§ Exercise
Copy out the data below as written; omit any images.

________________________

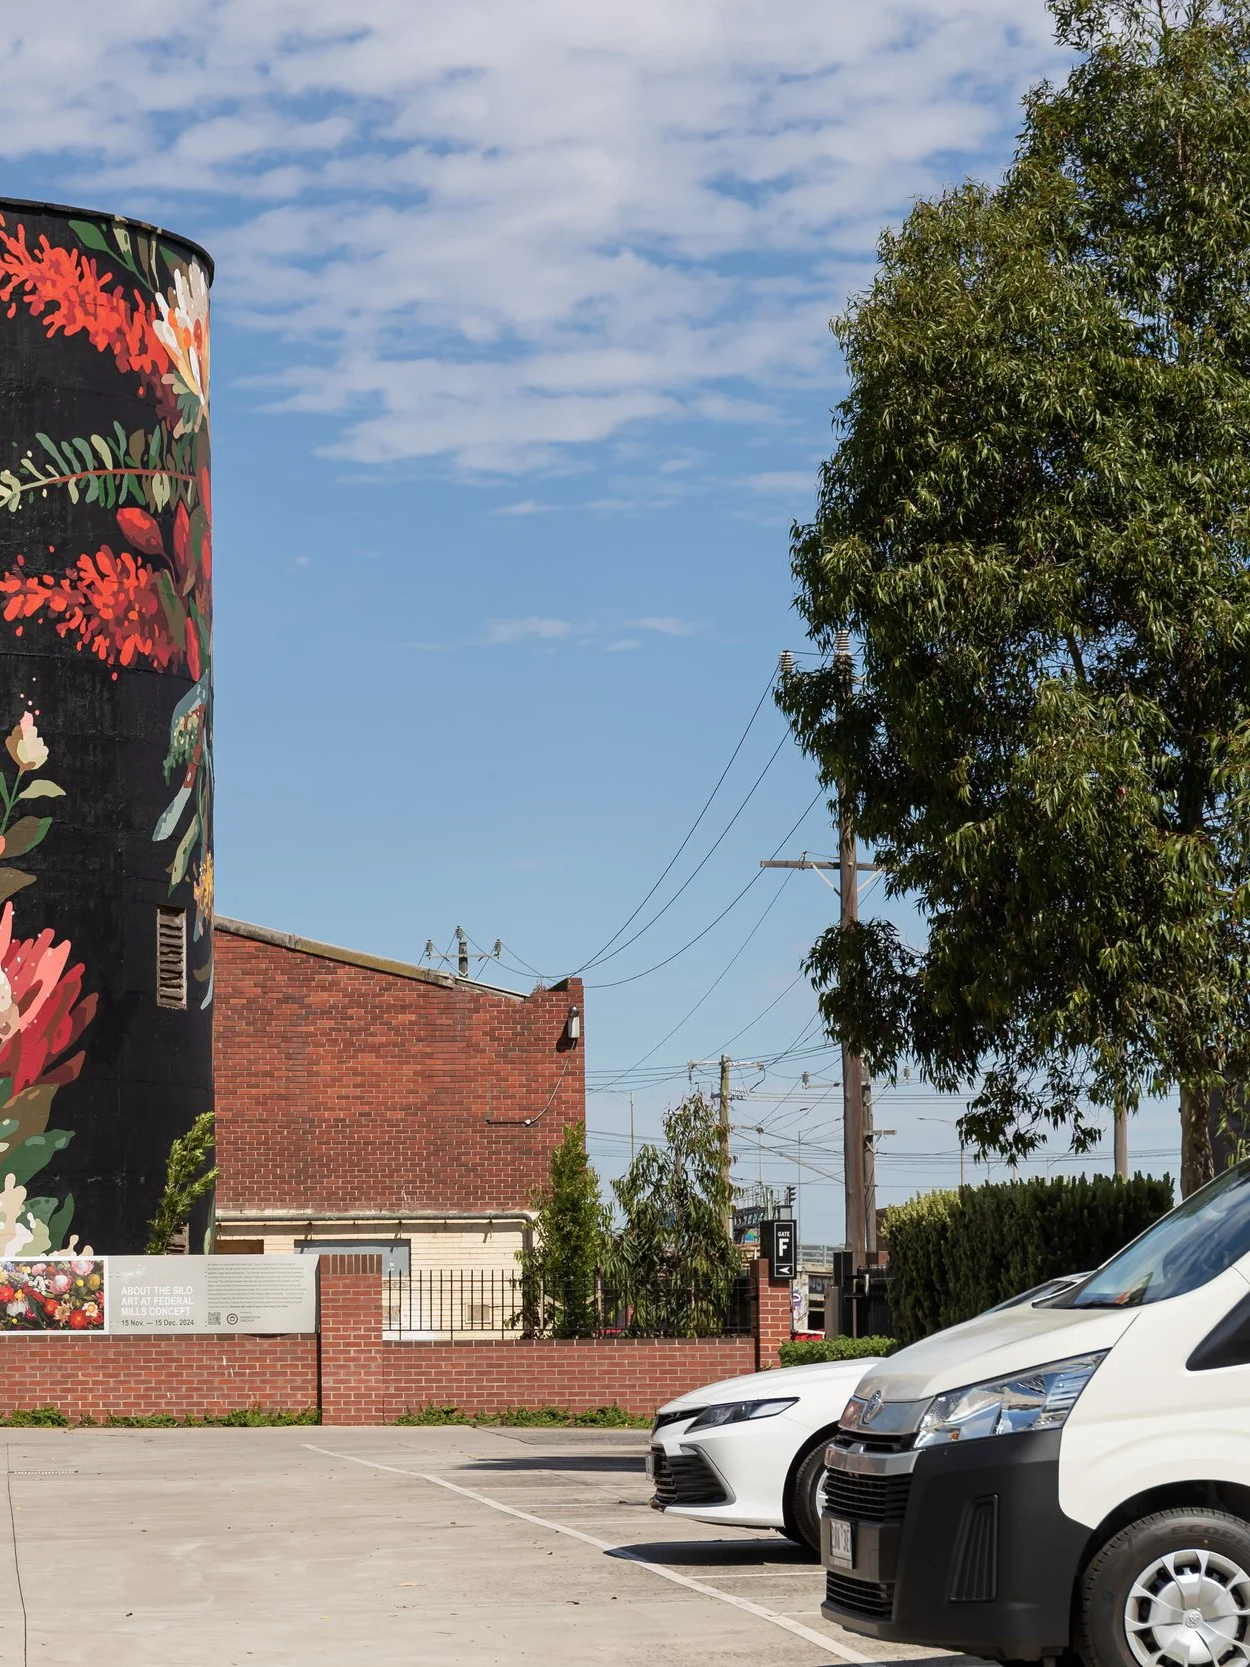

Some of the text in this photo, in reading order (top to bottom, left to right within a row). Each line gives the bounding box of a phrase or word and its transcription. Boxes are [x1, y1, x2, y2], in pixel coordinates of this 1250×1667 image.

[779, 1239, 789, 1257] F
[121, 1286, 193, 1295] ABOUT THE SILO
[121, 1296, 194, 1306] ART AT FEDERAL
[121, 1307, 190, 1316] MILLS CONCEPT

________________________

§ Result of the task
Some of the text in this photo, in reading order (top to bottom, left to right within a row). Each line gives the bounding box of a phrase or word and its transcription. Boxes are [x1, y1, x2, y2], in pixel coordinates of this 1250×1667 image.

[779, 1239, 789, 1257] F
[121, 1286, 193, 1295] ABOUT THE SILO
[121, 1296, 194, 1306] ART AT FEDERAL
[121, 1307, 190, 1316] MILLS CONCEPT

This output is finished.